The CREST study conducted by the Center for Disease Control and Preventions and was published in the New England Journal of Medicine in 1996. The CREST study has been the largest and most comprehensive evaluation of women who have undergone surgical sterilization in the United States. The study was primarily designed to evaluate the types of sterilization methods commonly being performed by U.S. doctors and the failure rates associated with each of the tubal ligation methods.

The study examined over 14,000 women who had tubal sterilizations (tubal ligation) from 1978 to 1986. Women were examined for up to 14 years after their procedures. The researchers specifically looked at the method of tubal ligation and failure rates (pregnancies) based on each method. They also examined the number of women who regretted their decision to undergo sterilization.

CREST: No convincing evidence for menstrual irregularities

Women were asked questions about changes in their menstrual patterns after tubal ligation. The study compared 9514 women who underwent tubal ligation to 573 women whose partners underwent vasectomy. The women were asked about changes in their menstrual patterns for up to five years after sterilization. Women who underwent tubal ligation were found to have fewer irregularities with their menstrual patterns.

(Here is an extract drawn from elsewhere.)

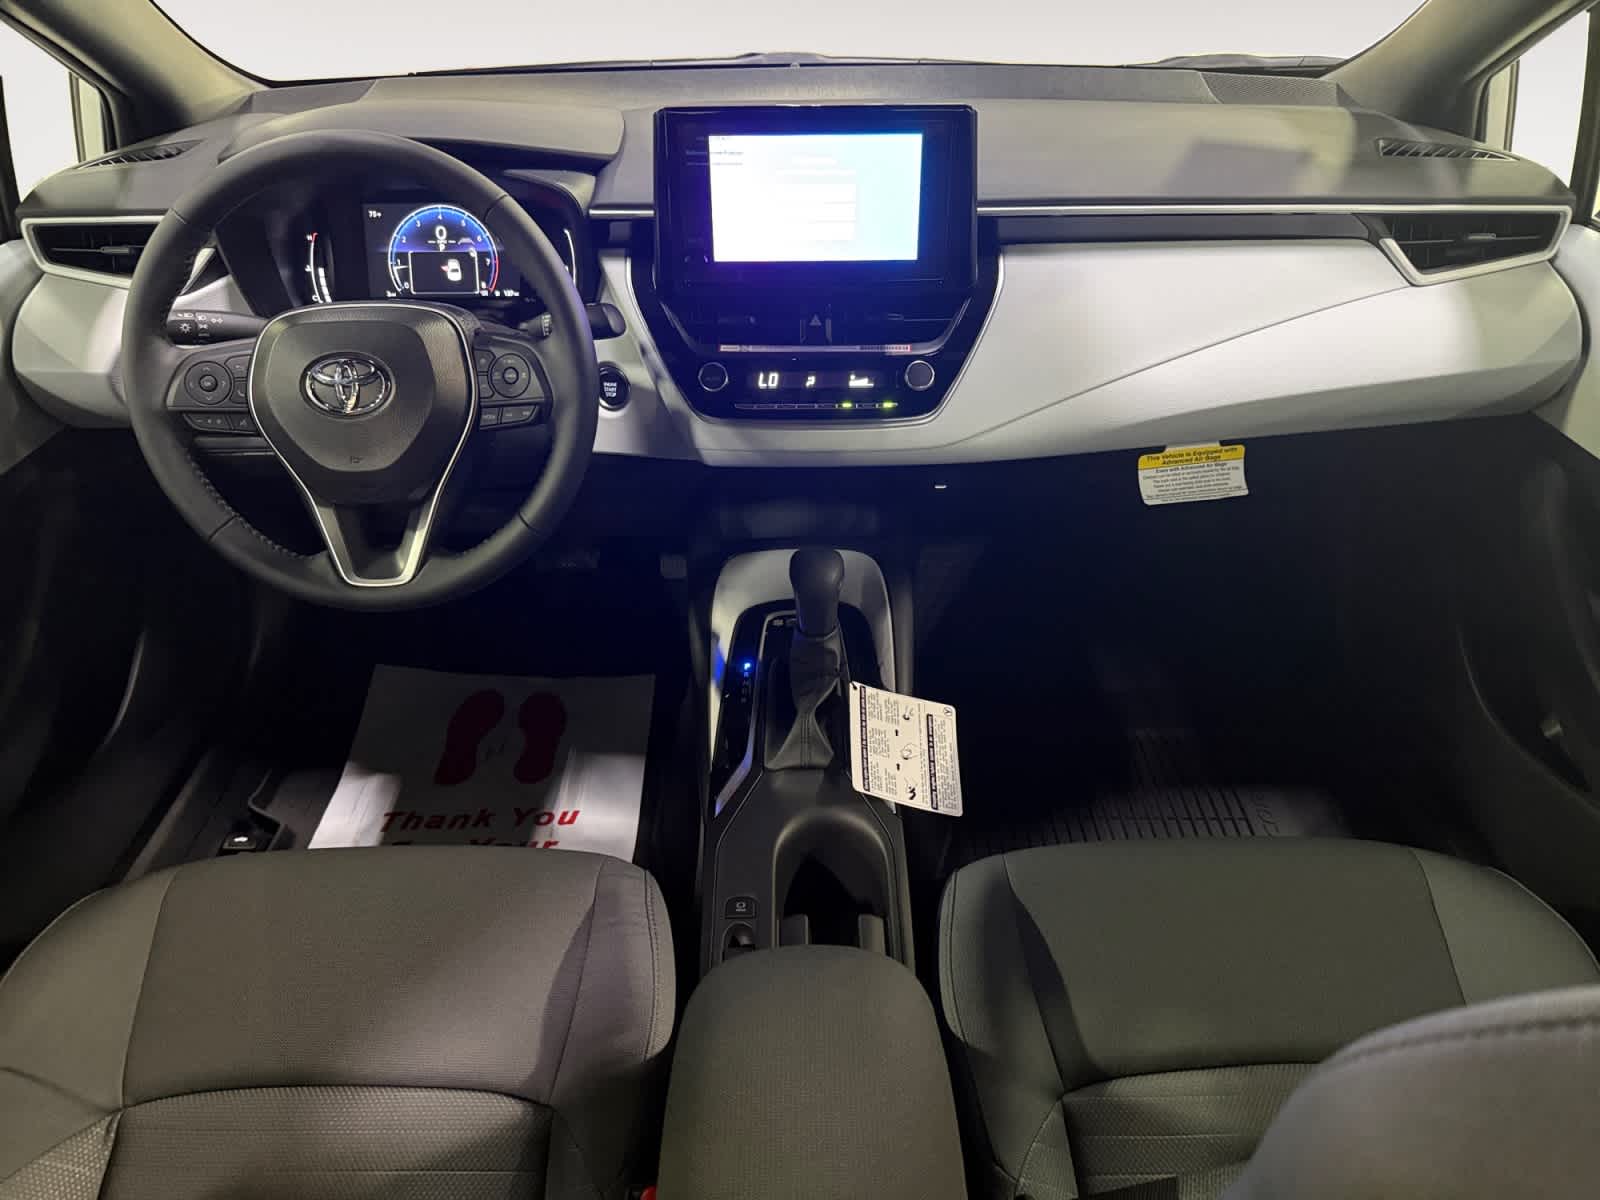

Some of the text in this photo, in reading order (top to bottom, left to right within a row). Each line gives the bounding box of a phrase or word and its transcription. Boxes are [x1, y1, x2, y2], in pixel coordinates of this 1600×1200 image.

[435, 225, 447, 240] 0
[381, 806, 582, 832] Thank You

The authors’ conclusion was there were no significant differences in menstrual patterns in women who had tubal sterilization. To be phrased another way, among large groups of women tubal ligation did not overwhelmingly cause a noticeable problem amongst the group as a whole.

The existence of Post Tubal Ligation Syndrome has been widely speculated by many but never substantiated in a rigorous fashion by medical investigators. Many poorly done small studies have suggested PTLS does exist; however, the largest study to date, the CREST study seems to suggest otherwise.

A simple explanation for the PTLS controversy

PTLS is controversial because early studies suggested tubal ligation causes abnormal symptoms in some women; however, larger and better-designed population based studies suggest women who have a tubal ligation are no more likely to develop abnormal symptoms than women who do not have tubal ligation.

Regardless of the existence of PTLS the problems experienced by these women are very real for them. In our experience some women do have problems directly attributed to their tubal ligation. When women approach health care professionals about these side-effects they are often not well received and this creates conflict.

Unfortunately many of these women are victims of the PTLS controversy and are not being heard by the health care community.